WordPressプラグインの「Fancybox」、未解決の脆弱性を突く攻撃が横行

任意のスクリプトやコンテンツをWebサイトに挿入できてしまう深刻な脆弱性が発覚し、更新版で対処した。

[鈴木聖子，ITmedia]

　WordPress向けのプラグイン「Fancybox」の未解決の脆弱性を突いて、Webサイトに不正なコードを挿入される被害が相次いで報告された。

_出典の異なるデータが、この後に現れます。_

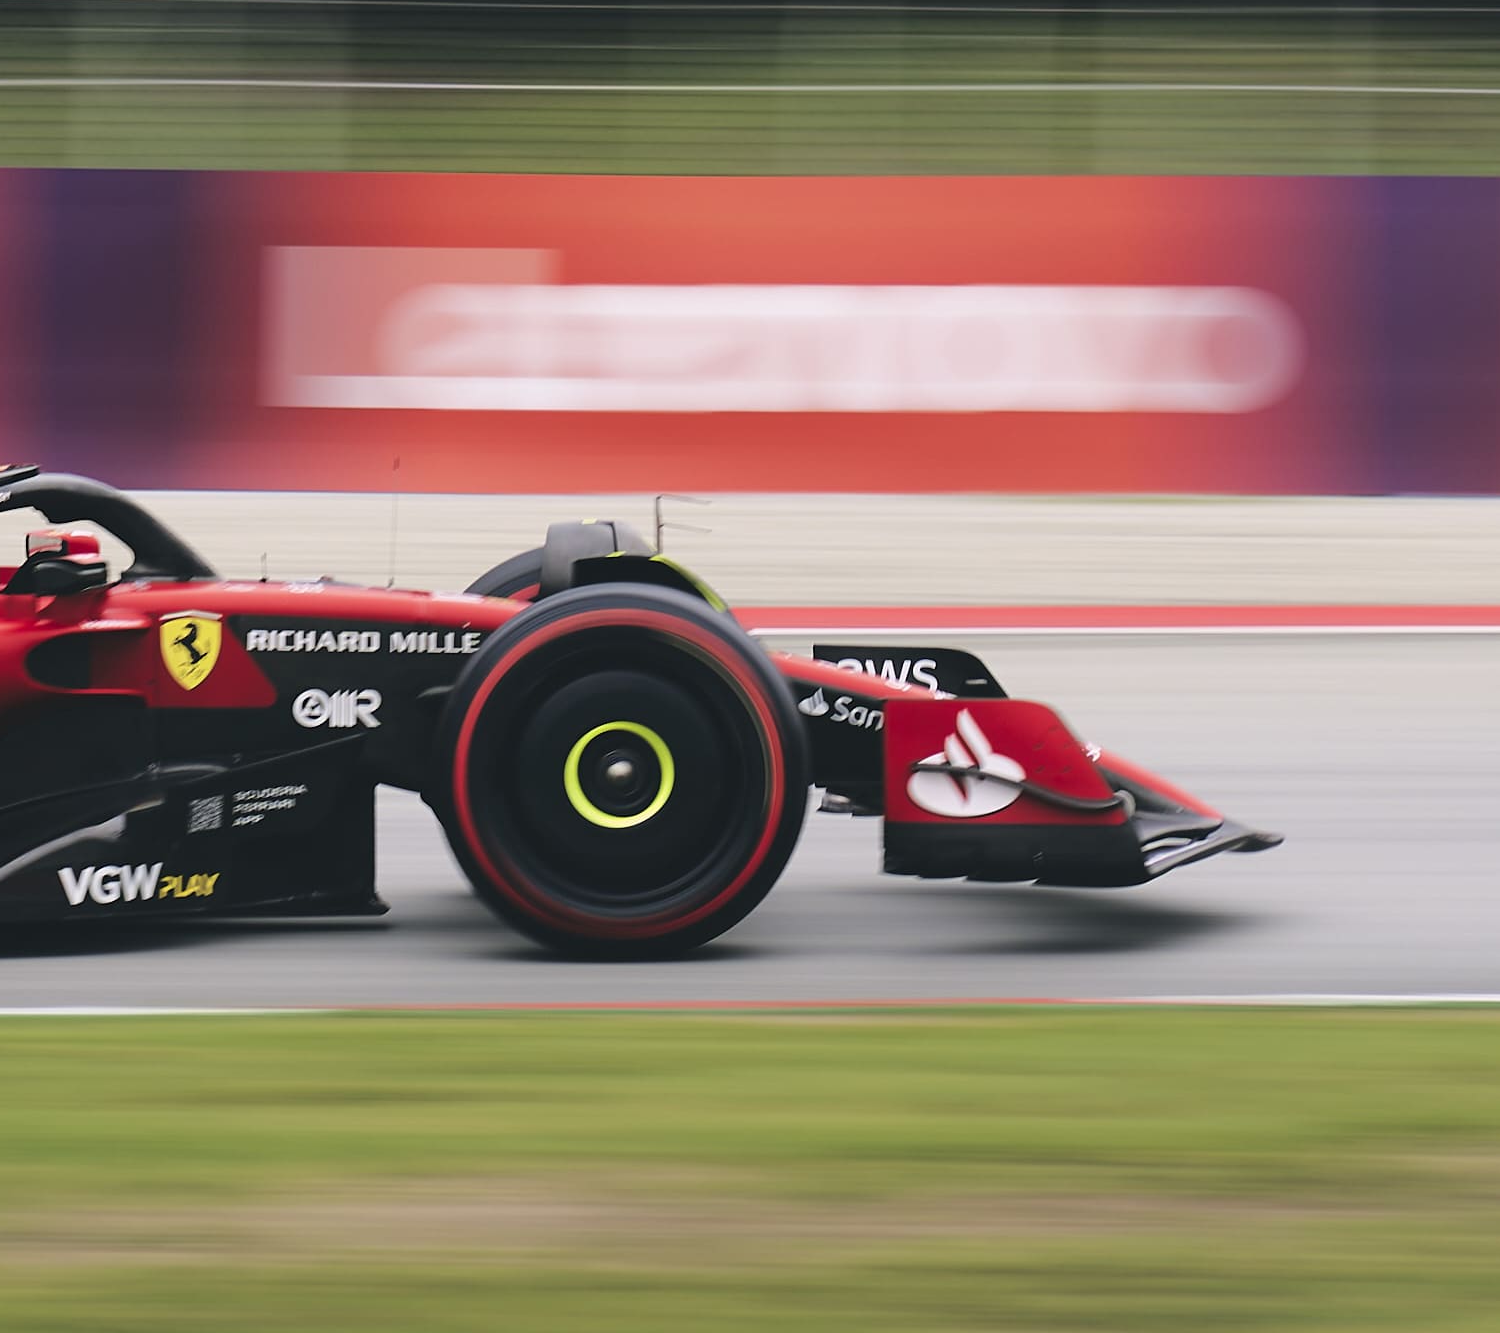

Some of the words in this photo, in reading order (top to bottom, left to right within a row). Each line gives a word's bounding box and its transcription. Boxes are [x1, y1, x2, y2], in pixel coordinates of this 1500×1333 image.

[246, 629, 381, 653] RICHARD
[389, 631, 481, 654] MILLE
[830, 695, 884, 731] San
[57, 861, 164, 906] VGW
[158, 872, 221, 900] PLAY

Fancyboxは2月5日までに、この脆弱性を修正する更新版を公開した。

　セキュリティ企業Sucuriの2月4日付ブログによると、WordPressを使ったWebサイトでマルウェアが出回っているとの報告があり、フォーラムサイトでも不正なJavaScriptが自分のWebサイトに挿入されたという訴えが相次いだ。

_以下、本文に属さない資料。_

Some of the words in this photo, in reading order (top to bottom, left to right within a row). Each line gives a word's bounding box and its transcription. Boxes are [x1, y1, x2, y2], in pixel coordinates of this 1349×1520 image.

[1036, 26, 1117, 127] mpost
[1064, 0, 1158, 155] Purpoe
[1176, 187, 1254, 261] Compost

　Sucuriが調べたところ、影響を受ける全サイトがFancyboxのプラグインを使っていることが分かったという。

　Fancyboxはダウンロード数が55万回を超す人気プラグイン。調査の結果、任意のスクリプトやコンテンツをサイトに挿入できてしまう深刻な脆弱性が存在していることが判明した。2月4日の時点で既にこの脆弱性を突く攻撃が横行していて、多数のWebサイトが被害に遭っていたという。

脆弱性に対処した修正版が公開されている

　Fancyboxは2月5日までにリリースしたバージョン3.0.3／3.0.4をで、この脆弱性を修正したとしている。